Thursday, June 8, 2023

Migrant Crisis: Then and Now

During the past two years much has been said and written about immigration at America’s southern border. Unable to house, feed, and care for the thousands entering the country, governors have bussed many to sanctuary cities. In New York City, the mayor was forced to put up migrants in police stations for lack of housing. Such a crisis isn’t new to America. During the 1890s, New York City’s police housed as many as 148,000 immigrants in their barracks each year. According to an article in the Wall Street Journal, Chicago’s population increased by 54% from 1890 to 1900. City commissioners quickly constructed ramshackle tenements for the enormous wave of immigrants that poured into their cities. Thirteen-foot rooms were often occupied by as many as a dozen men. Flophouses charged 25 cents for a cot, locker, and screen. Many who could not afford that amount were forced to use a hammock for 7 cents or a spot on the floor for five. Others slept in the streets despite cold and snow. Unemployment was rampant.
Jacob Riis Photo of Tenements
Courtesy of Library of Congress

There was little or no safety net for those who were weakened by hunger and disease. Saddest of all were the orphaned children who were frequently cared for and fed by the police. What prompted the first change in these enormous slums? It was the work of Jacob Riis. An immigrant himself, Riis came to the United States from Denmark in 1870. Ten years later, he found work as a police reporter and saw, wrote about, and photographed the filth, squalor, poverty, and overcrowded slums. His book “How the Other Half Lives” threw light on the misery of New York City’s poverty-stricken, homeless immigrants. More than his words, it was his photographs of the crowded tenements that effected change. Theodore Roosevelt, then the city’s police commissioner, said “I have read your book and have come to help.” And help he did! 
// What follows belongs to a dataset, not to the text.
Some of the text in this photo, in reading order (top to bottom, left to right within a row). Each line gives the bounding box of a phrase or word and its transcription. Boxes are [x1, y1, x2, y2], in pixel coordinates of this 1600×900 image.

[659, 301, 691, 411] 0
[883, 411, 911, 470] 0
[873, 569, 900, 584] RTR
Tenements were torn down and replaced with decent housing for the city’s population of which a quarter were mired in poverty. Streets were cleaned up. Reformers and missionaries opened day nurseries and schools for thousands of homeless children. “Out placing” by the Children’s Aid society began the Orphan Train Movement that found homes, some good and some ruinous, for more than 200,000 children. Nearly 8,000 were settled in Ohio. (See 2012 post "Following the Orphan Train Riders.")

Roosevelt once said he hoped that coming to the “new land would be a turning point in their lives; wished that they might find there all their dreams had painted for them; and how earnestly he, as a citizen of the great republic; welcomed them to it.” It took years of reform and constant effort to make that promise a reality.